I agree. But we already have full specification of Erlang’s binary serialization format. And we already have set of many languages libraries for serialization/deserialization this format (thanks to Michael Truog).

That is very non-engineering reasoning there. JSON is okayish format if you want:

  • machine to machine communication in more or less uniform way
  • representation should be fairly concise
  • representation should be readable and editable by human operator

If we take these points into consideration, then JSON do not really have any reasonable competition. Any competitor breaks at least of the above points.

Is JSON perfect? No, but any other format is not perfect either.
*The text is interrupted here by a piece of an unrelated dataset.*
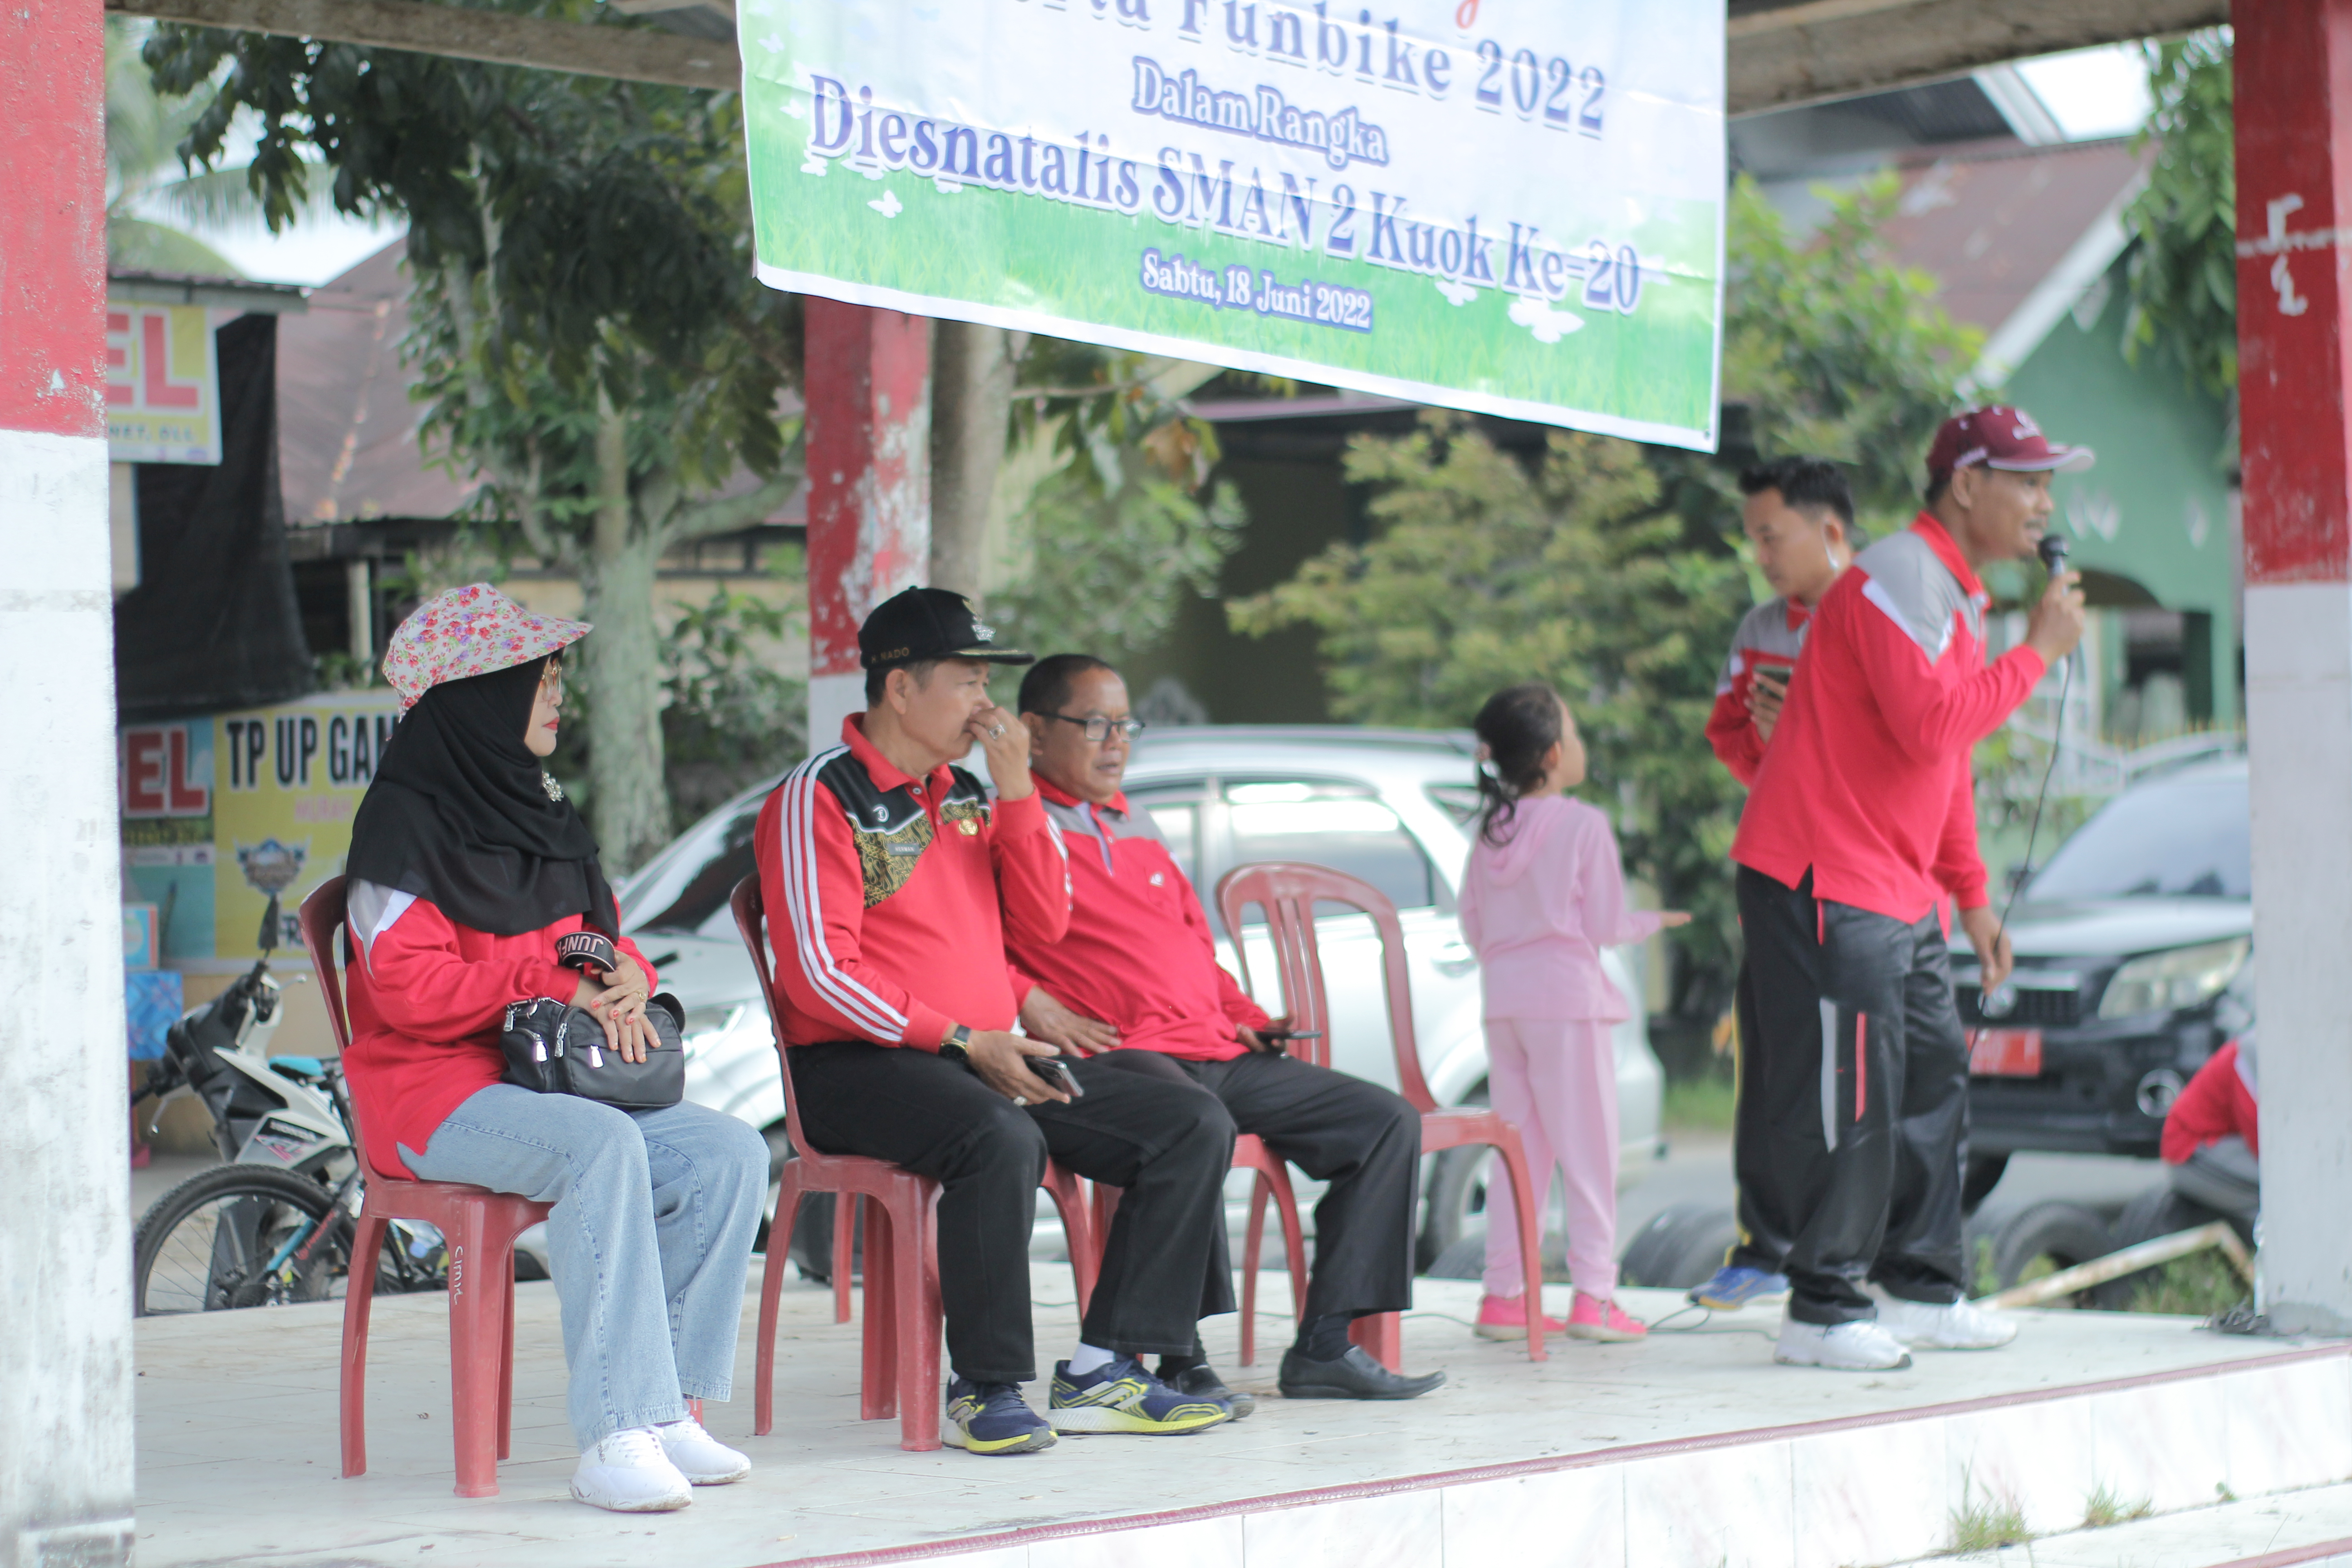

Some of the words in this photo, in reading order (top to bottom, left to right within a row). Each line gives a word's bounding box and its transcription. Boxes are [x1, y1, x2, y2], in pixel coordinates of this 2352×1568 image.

What is wrong with Rebar3?

Preprocessor is capable of that.

I worked (the work stalled a little) on defining safe subset of the ETF that could be used between different languages, and it is far from perfect:

  • There is no single way to encode boolean
  • If you want encode atoms, then you have to implement 2 forms of encoding (atoms table and inline) and you need to implement a way to safely decode them (to prevent atom exhaustion as atoms aren’t GCed)
  • You need to prevent encoding some data, like functions, as these can impose the security threat
  • You cannot encode all IEEE 754 floats range
  • Floats can be stored as strings or in binary representation
  • Integers are stored in network order (aka big endian) which slows down decoding on majority of CPUs (as you need to swap bytes before use, you cannot decode them “in place”)
  • Encoding non-ASCII Erlang strings is costly (as these are encoded as lists and cannot use the STRING_EXT), and single Unicode character forces whole string to be encoded in the “bloated” form
  • Encoding 32-bit unsigned integer require 2x more space than encoding 32-bit signed integer

If you want to have cross-platform and safe encoding format, then ETF is not something that you should look for.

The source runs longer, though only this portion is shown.